In the evenings, Zabumba seems more bar than restaurant, with a long list of exotic
cocktails and a blender that seems to go nonstop. 10717 Venice Blvd., Culver
City, (310) 841-6525. Dinner Tues.–Sun. 5 p.m.–2 a.m. Full bar. Takeout. Street
parking. AE, MC, V. Dinner for two, food only, $14–$25. Brazilian.
JG $

Zelo Gourmet Pizzeria. Arcadia is kind of a conservative place, but Zelo
distinctly is not.

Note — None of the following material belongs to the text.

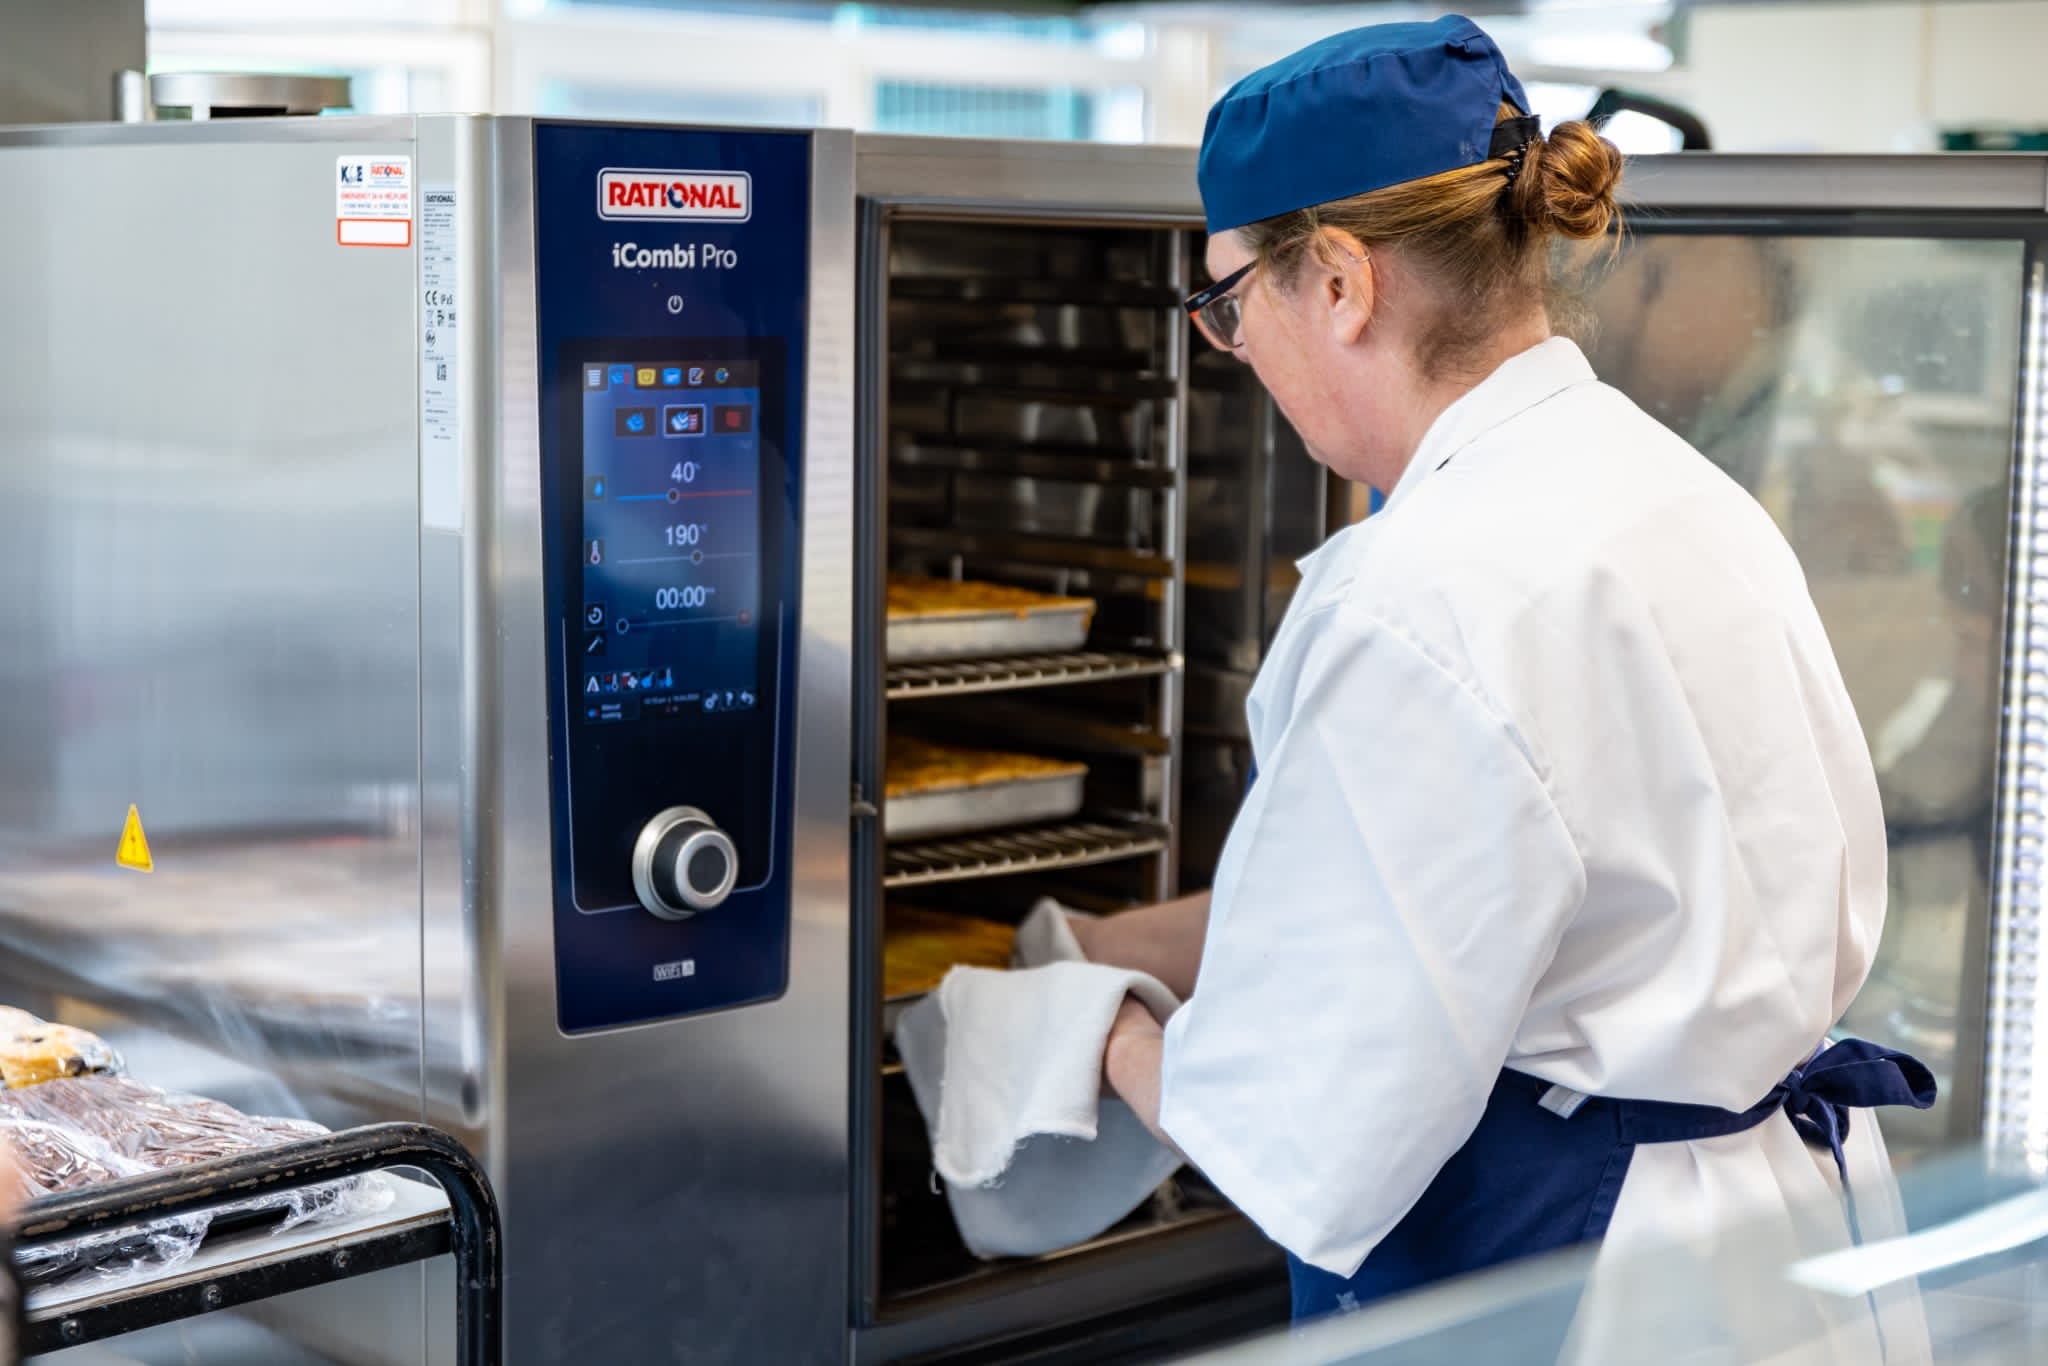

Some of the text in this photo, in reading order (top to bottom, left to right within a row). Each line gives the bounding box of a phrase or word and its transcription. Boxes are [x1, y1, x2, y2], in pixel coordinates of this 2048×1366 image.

[609, 181, 742, 209] RATIONAL
[612, 242, 738, 269] iCombi Pro
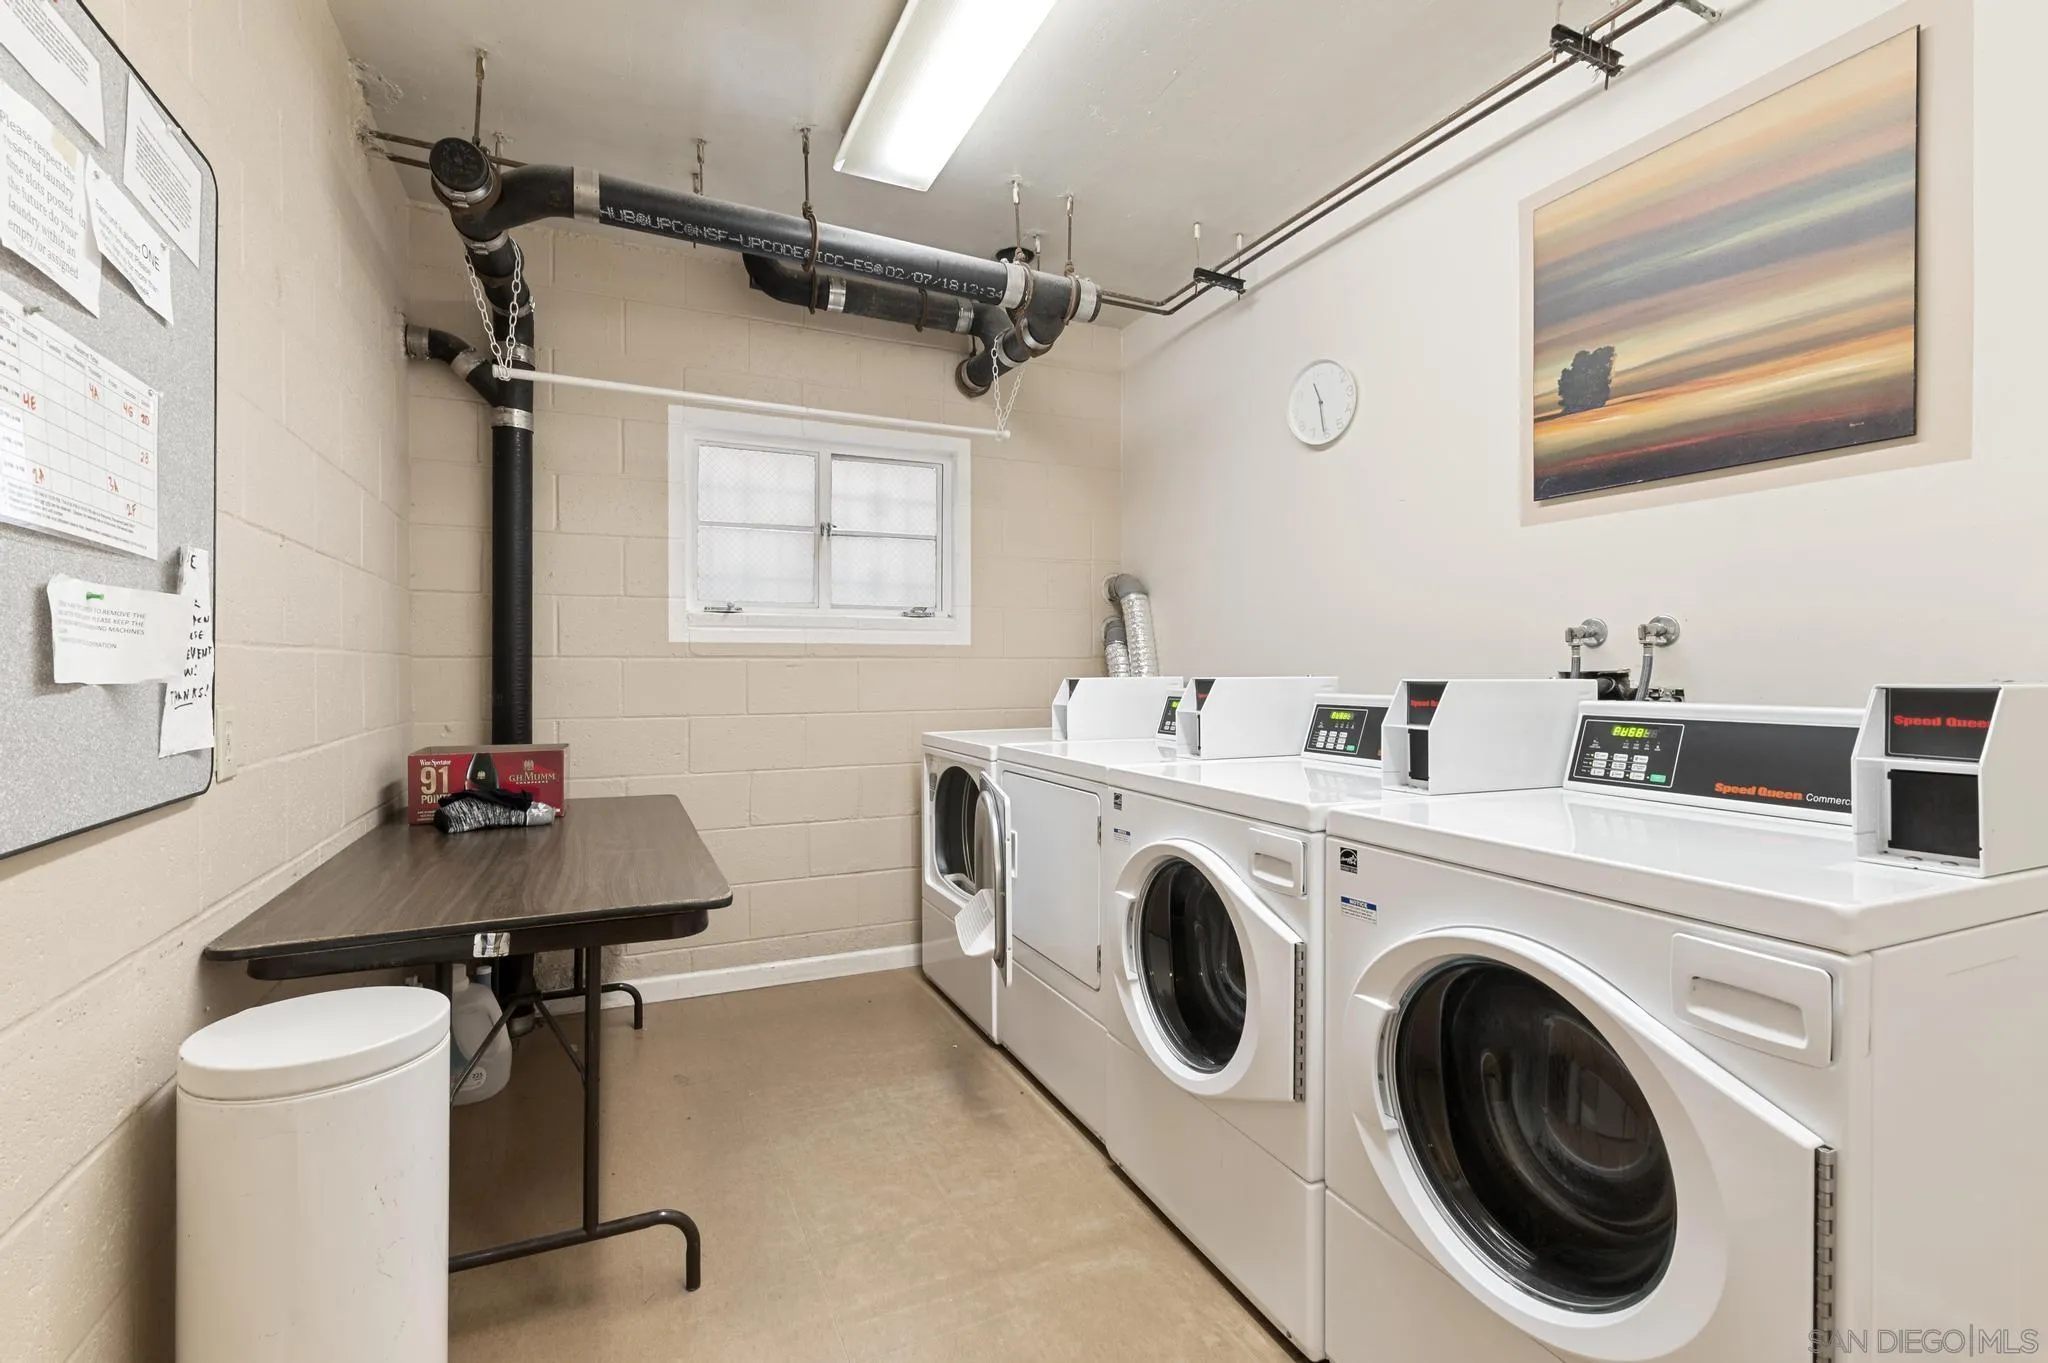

The music, played loud, ranges from surf tunes to vintage punk
rock, Blue Oyster Cult to Built To Spill, and might as well have been plucked
from the iPod of the coolest guy you know. But it’s all about the pizza here,
and Zelo’s pizza is a different sort of pie, crust enriched with a little cornmeal,
packed and crimped into a high-rimmed steel deep-dish pizza pan blackened from
years in the ovens, and baked to a kind of high crunchiness. A vegetarian pizza,
available in both vegan and cheese-bearing versions, is piled with baked eggplant,
roasted peppers and mushrooms. Even the plain-vanilla sausage pie is plumped out
with marinated peppers, tomato chunks and sautéed onions. This may be the great,
undiscovered Los Angeles pizza restaurant. 328 E. Foothill Blvd., Arcadia,
(626) 358-8298. Open Tues.–Sat. 11:30 a.m.–9 p.m. Pizzas, $16, feed two or three.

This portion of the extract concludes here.